After the available wavelength conversion capability between the member links in the bundle link and other links (including member links in other bundle links and other non-bundle links) is occupied or released, the corresponding bundle The available wavelength conversion capability information between the link and other links (including other bundle links and other non-bundled links) must be recalculated, and the result is still all member links and other links in the bundled link.
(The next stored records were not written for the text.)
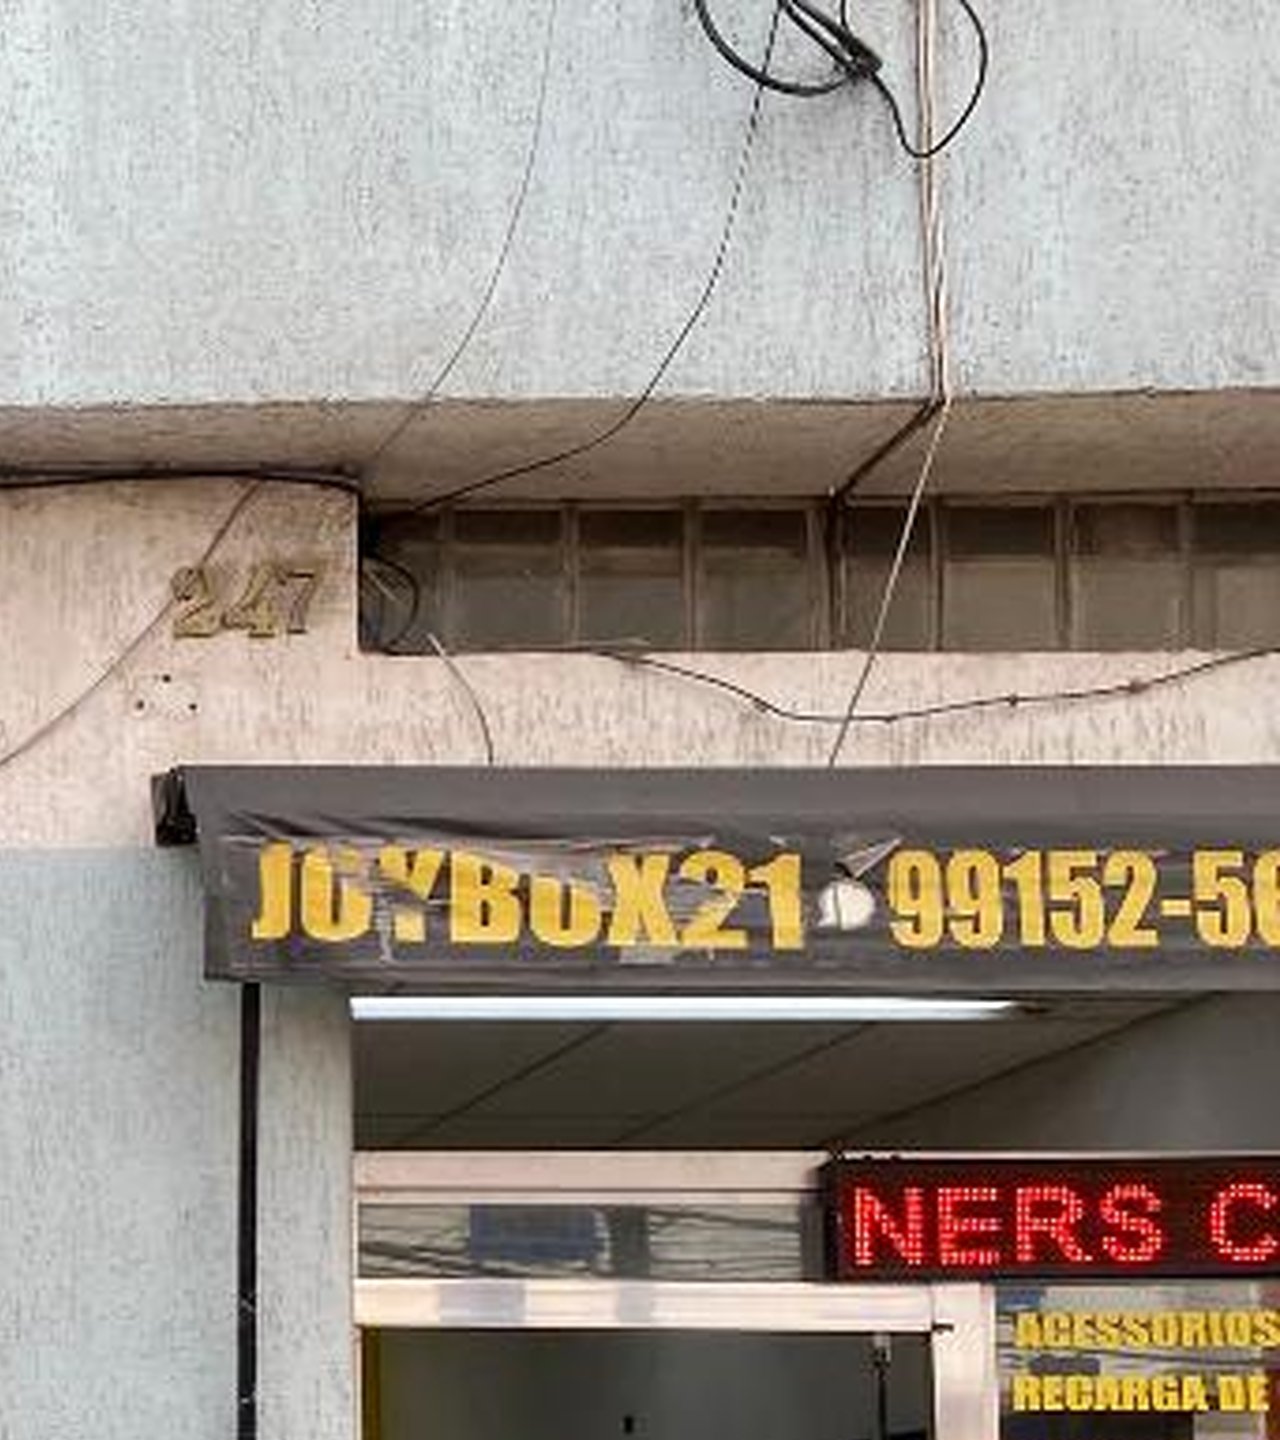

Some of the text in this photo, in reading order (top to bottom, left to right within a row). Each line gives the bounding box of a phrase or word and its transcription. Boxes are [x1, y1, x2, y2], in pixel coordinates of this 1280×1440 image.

[171, 563, 324, 637] 247
[854, 1184, 1162, 1266] NERS
[1013, 1374, 1270, 1412] RECARGA DE
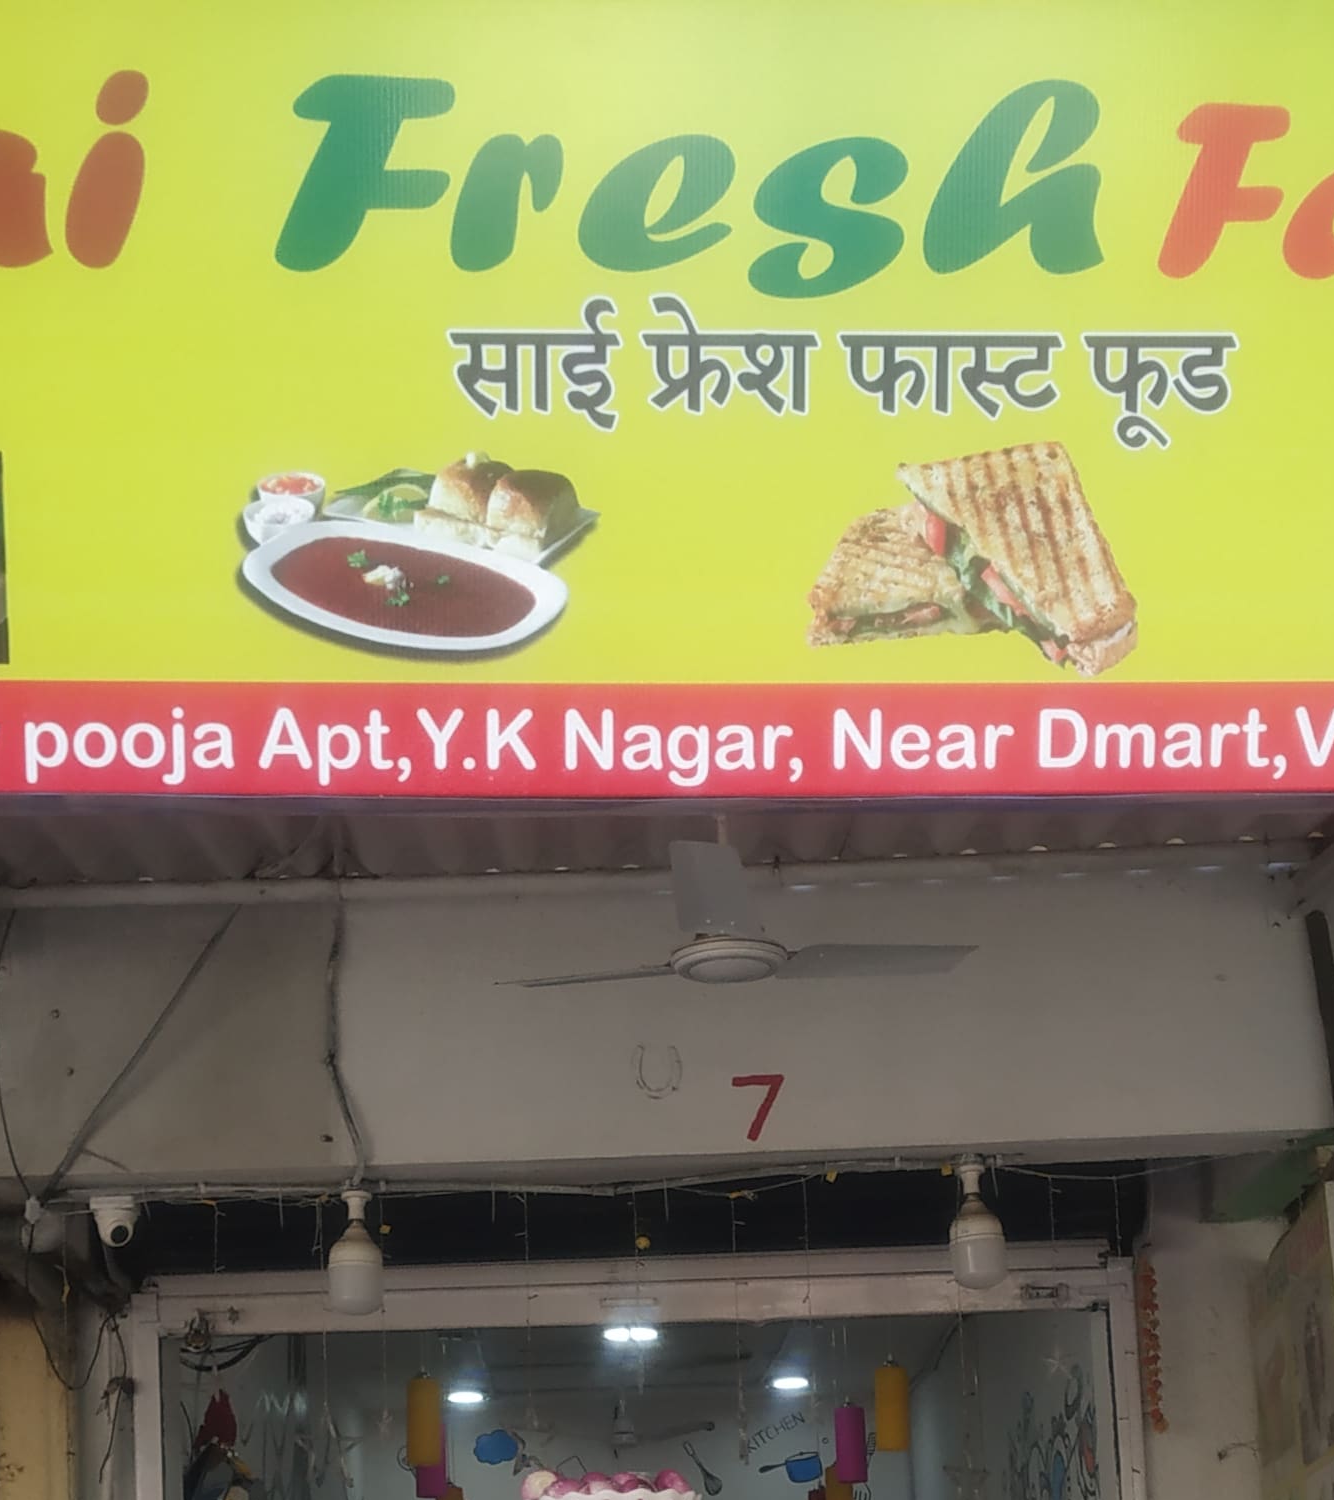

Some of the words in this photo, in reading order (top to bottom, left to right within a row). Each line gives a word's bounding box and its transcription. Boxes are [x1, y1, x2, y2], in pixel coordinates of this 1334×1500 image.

[274, 71, 1104, 299] Fresh
[447, 296, 621, 428] साई
[642, 295, 817, 416] फ्रेश
[841, 330, 1062, 416] फास्ट
[1081, 332, 1239, 450] फूड
[24, 706, 235, 786] pooja
[563, 707, 804, 788] Nagar,
[832, 707, 1015, 771] Near
[731, 1074, 784, 1141] 7
The wavelength conversion of the links (including the member links of other non-bundled links and other bundle links) is a union of the available information and needs to be re-broadcast.

The method according to any one of claims 1 to 13, wherein the first predetermined policy comprises one of the following:

 Randomly selecting member links in the bundle link;

 Sorting all available member links in the bundled link according to a predetermined policy, and selecting a member link at a predetermined position after the sorting;

 Selecting the member link that has been used the most frequently from the available member links according to the number of times the member links in the bundle link have been used;

 A member link is selected from the bundle link according to the network load.

The method according to any one of claims 1 to 13, wherein the second predetermined policy comprises one of the following:

 Random selection in the available wavelengths of the member links;

 All available wavelengths of the member links are sorted according to a predetermined strategy, and the wavelengths of the predetermined positions after sorting are selected;

 Selecting the wavelength that has been used the most from the available wavelengths based on the number of times the wavelength in the member link has been used;

 Select from the available wavelengths of the member links based on the network load.

16. The method of claim 1, wherein the method is applicable to the following architectures that combine routing calculation, wavelength assignment, and member link selection:

 Centralized routing calculation + centralized wavelength allocation + centralized member link selection; centralized routing calculation + centralized wavelength allocation + distributed member link selection; centralized routing calculation + distributed wavelength Allocation + centralized member link selection; centralized routing calculation + distributed wavelength assignment + distributed member link selection; distributed routing calculation + distributed wavelength assignment + distributed member link selection.

The method according to claim 16, further comprising: before the label switching path is established, both the route calculation and the wavelength assignment entity must obtain the wavelength constraint information and the wavelength available information of the bundle link in advance, the node Connectivity constraint information, wavelength conversion capability constraint information, and wavelength conversion available information between internal bundle links, between non-bundled links, and bundled links and non-bundled links.